[[ Supplied data open ]]

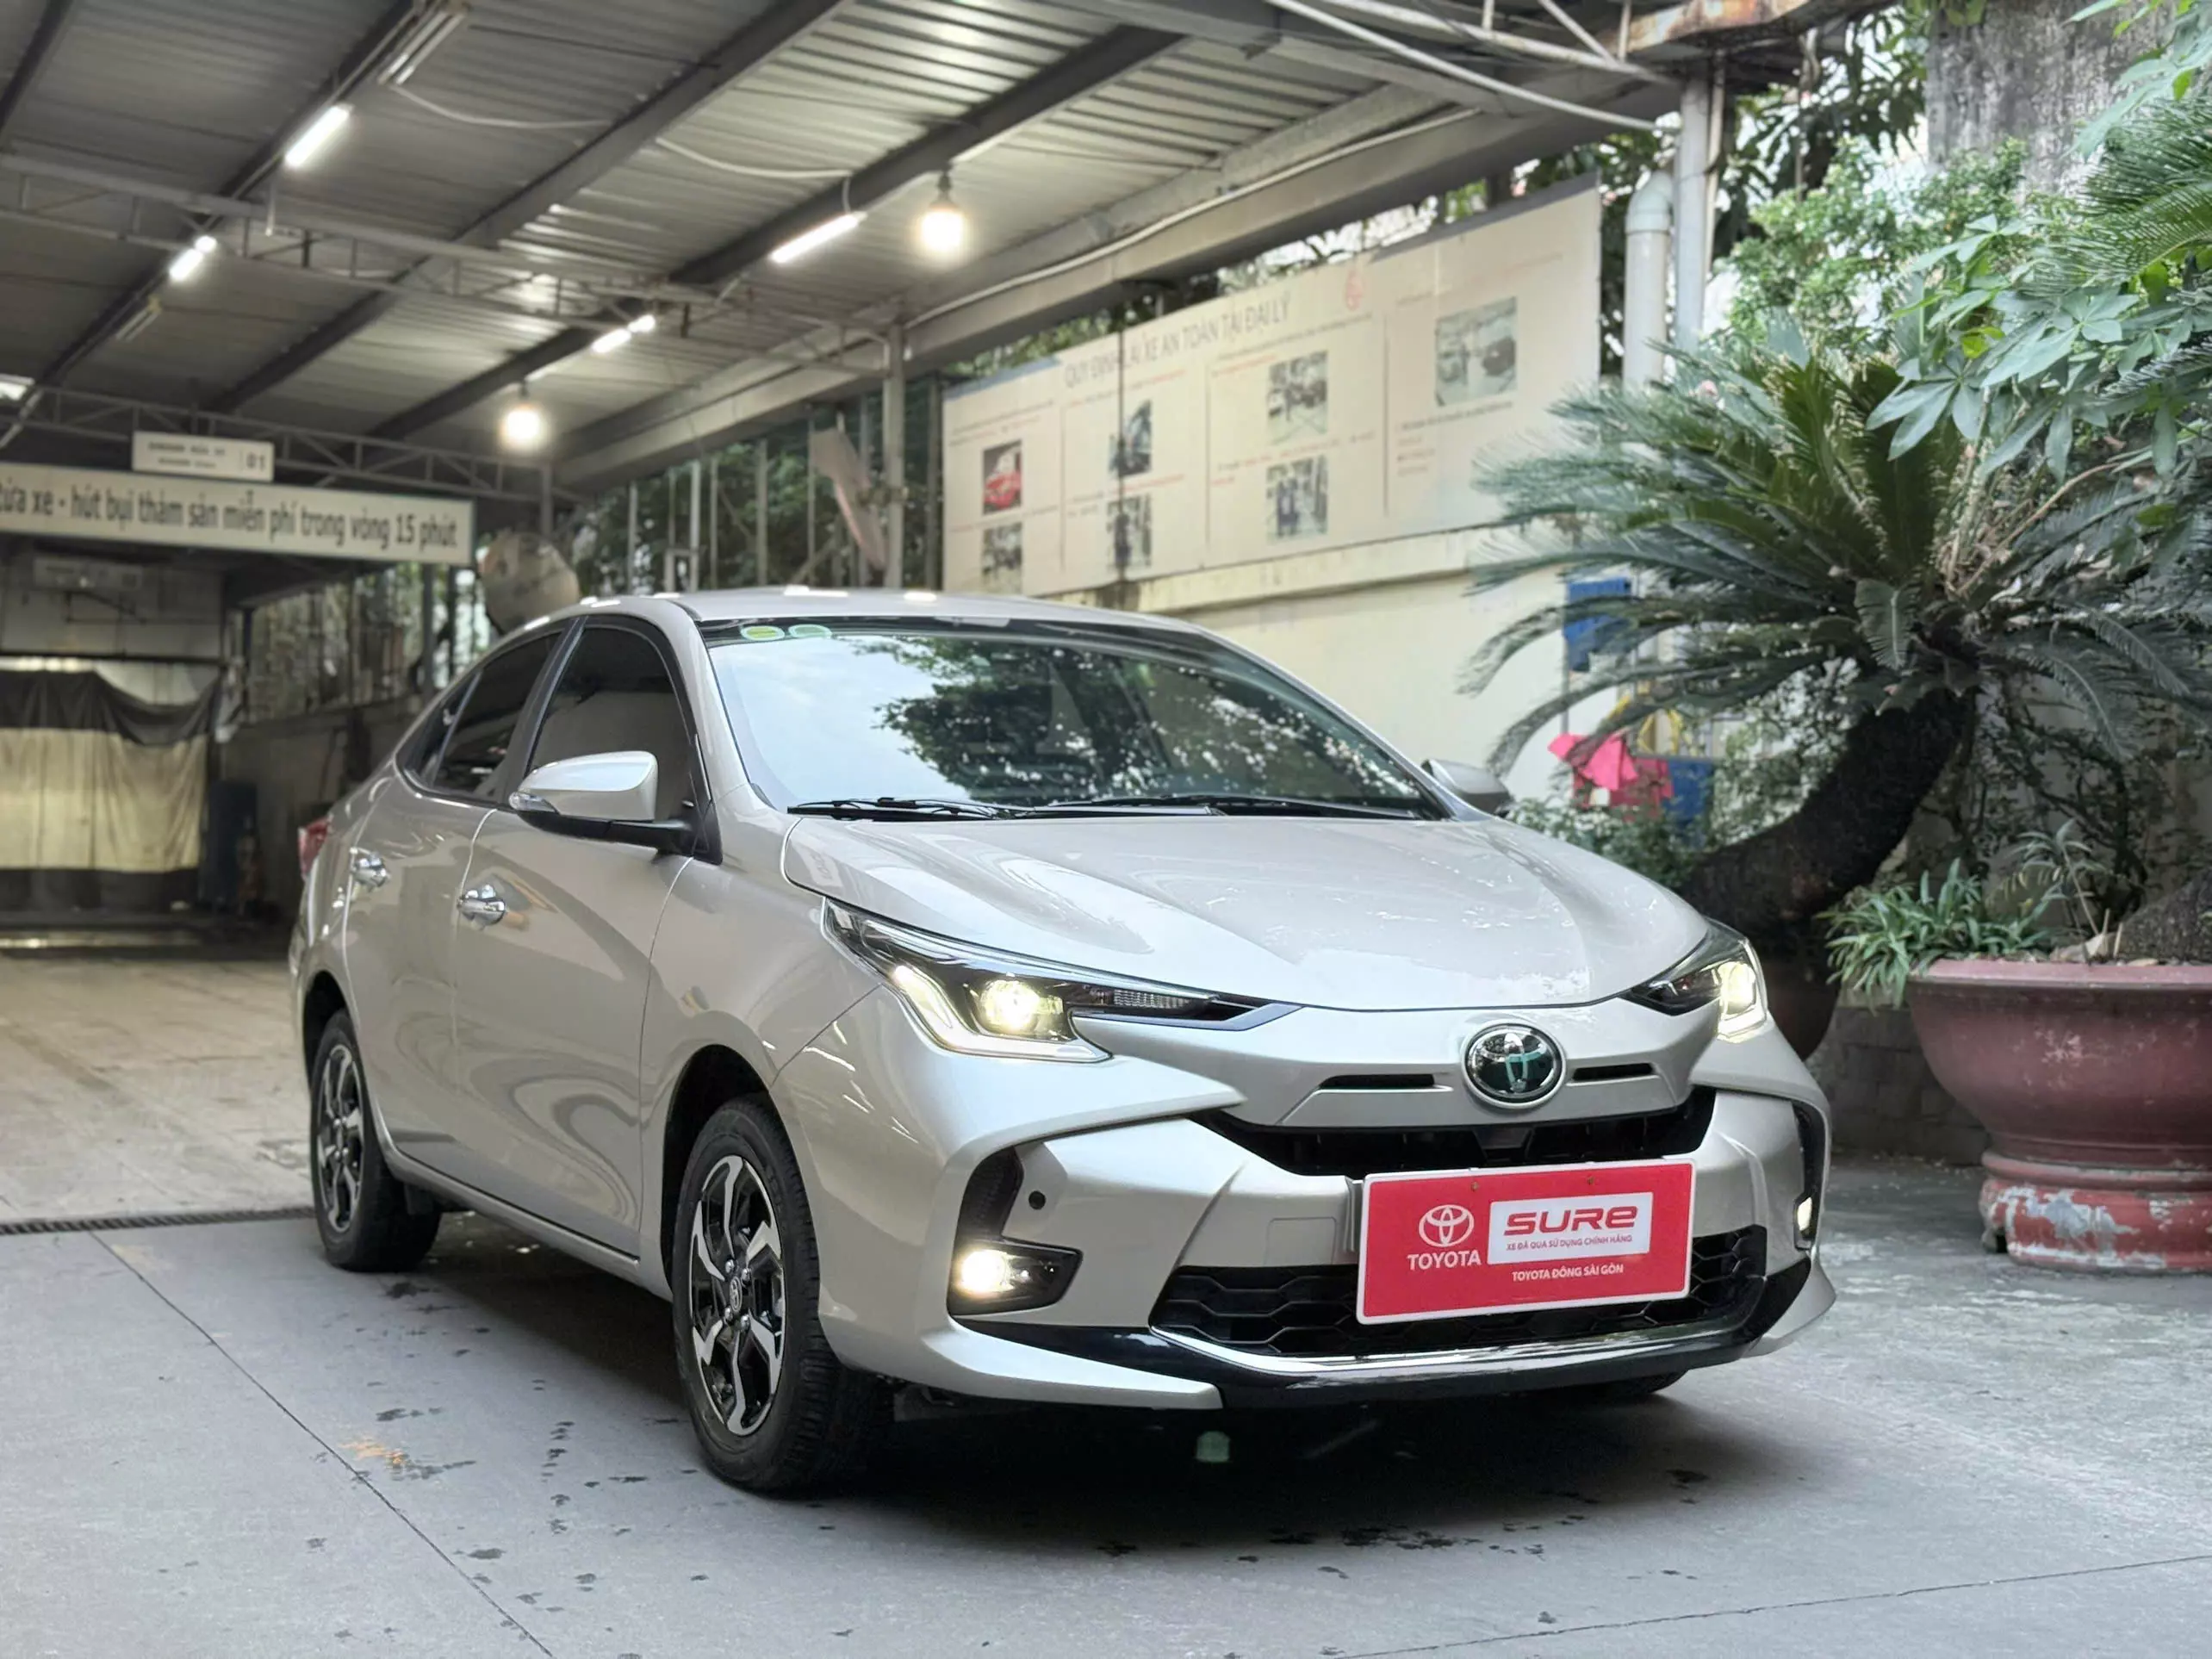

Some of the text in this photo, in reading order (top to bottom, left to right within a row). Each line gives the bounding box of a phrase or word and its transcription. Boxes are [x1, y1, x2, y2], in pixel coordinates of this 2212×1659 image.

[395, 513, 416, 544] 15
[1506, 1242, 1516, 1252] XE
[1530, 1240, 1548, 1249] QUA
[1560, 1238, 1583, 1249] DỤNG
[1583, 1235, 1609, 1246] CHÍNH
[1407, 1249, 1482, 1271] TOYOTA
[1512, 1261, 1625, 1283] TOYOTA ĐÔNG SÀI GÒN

[[ Supplied data closed ]]

**Task directions**
Give all the entries again exactly, dropping each picture.

**Task solution**
Some of the text in this photo, in reading order (top to bottom, left to right within a row). Each line gives the bounding box of a phrase or word and its transcription. Boxes are [x1, y1, x2, y2], in pixel coordinates of this 2212×1659 image.

[395, 513, 416, 544] 15
[1506, 1242, 1516, 1252] XE
[1530, 1240, 1548, 1249] QUA
[1560, 1238, 1583, 1249] DỤNG
[1583, 1235, 1609, 1246] CHÍNH
[1407, 1249, 1482, 1271] TOYOTA
[1512, 1261, 1625, 1283] TOYOTA ĐÔNG SÀI GÒN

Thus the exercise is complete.